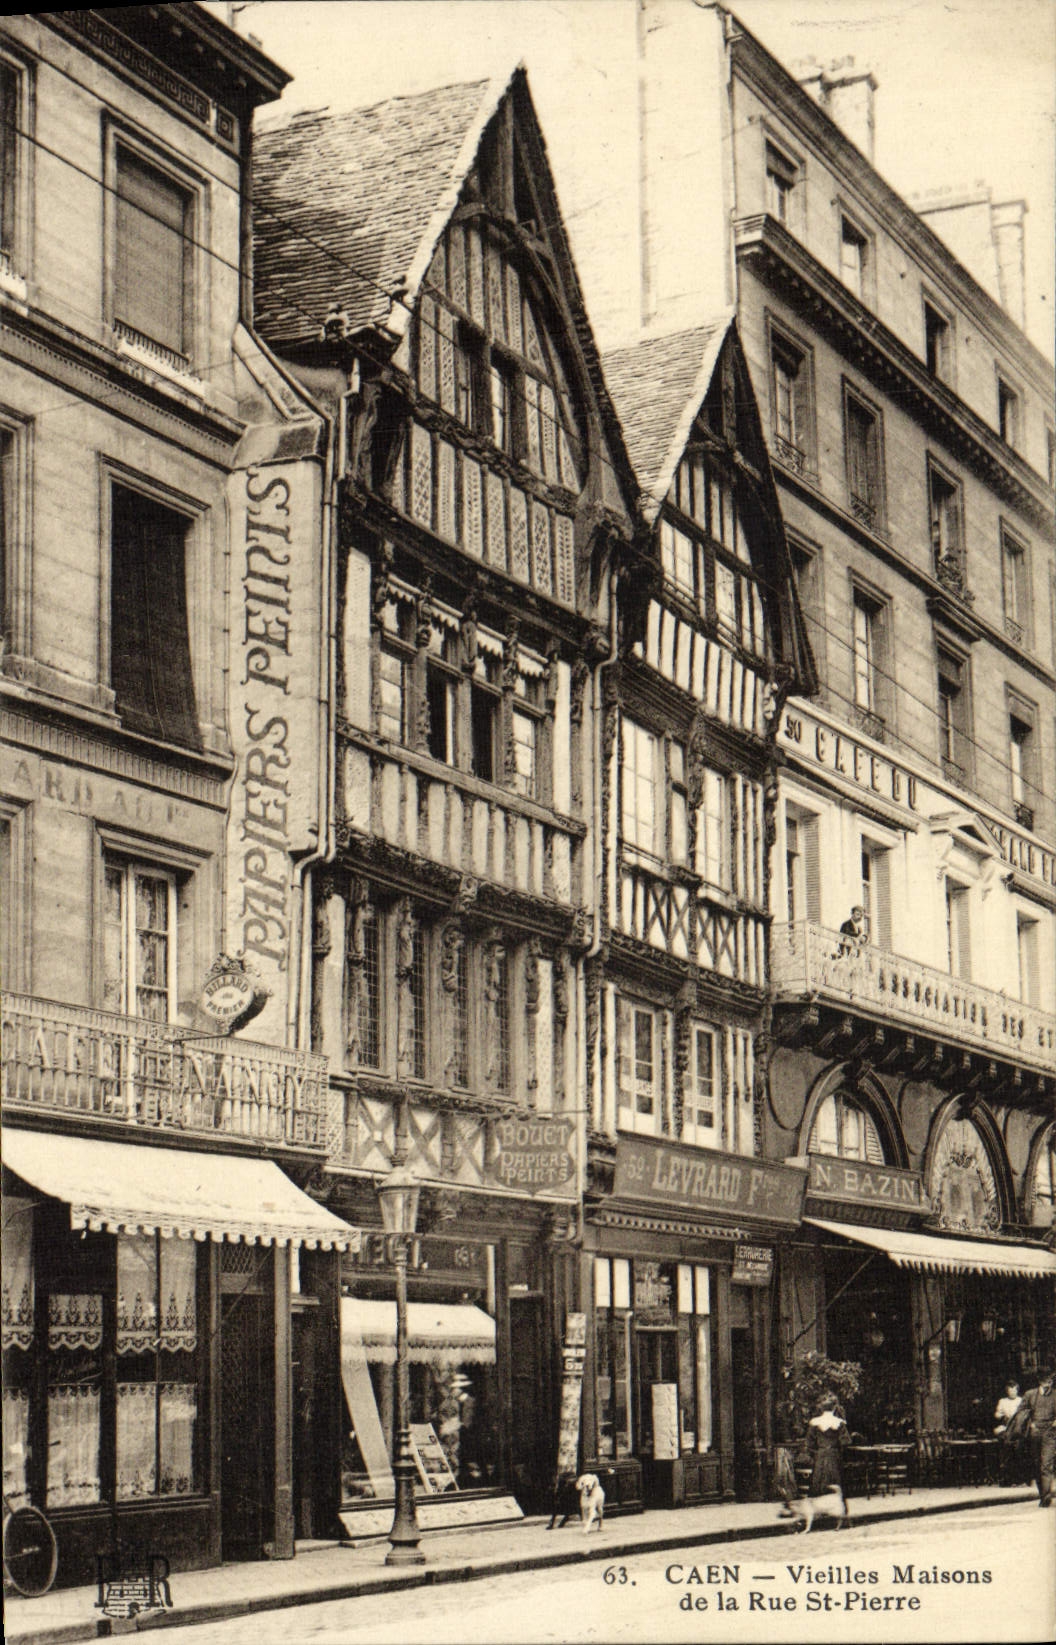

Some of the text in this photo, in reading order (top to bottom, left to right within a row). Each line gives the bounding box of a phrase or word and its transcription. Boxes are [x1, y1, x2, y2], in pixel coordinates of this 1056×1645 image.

[237, 469, 292, 972] PAPIERS PEINTS
[815, 726, 880, 792] CAFE
[891, 766, 917, 811] DU
[206, 975, 249, 997] BILLARD
[878, 966, 988, 1027] ASSOCIATION
[1002, 1012, 1024, 1040] DES
[206, 1000, 246, 1016] PREMIER
[501, 1122, 569, 1147] BOUET
[651, 1148, 742, 1203] LEVRARD
[844, 1169, 917, 1201] BAZIN

++++++++++

Go through the material above and repeat it exactly. Omit the pictures.

:: SOLUTION BELOW ::
Some of the text in this photo, in reading order (top to bottom, left to right within a row). Each line gives the bounding box of a phrase or word and its transcription. Boxes are [x1, y1, x2, y2], in pixel coordinates of this 1056×1645 image.

[237, 469, 292, 972] PAPIERS PEINTS
[815, 726, 880, 792] CAFE
[891, 766, 917, 811] DU
[206, 975, 249, 997] BILLARD
[878, 966, 988, 1027] ASSOCIATION
[1002, 1012, 1024, 1040] DES
[206, 1000, 246, 1016] PREMIER
[501, 1122, 569, 1147] BOUET
[651, 1148, 742, 1203] LEVRARD
[844, 1169, 917, 1201] BAZIN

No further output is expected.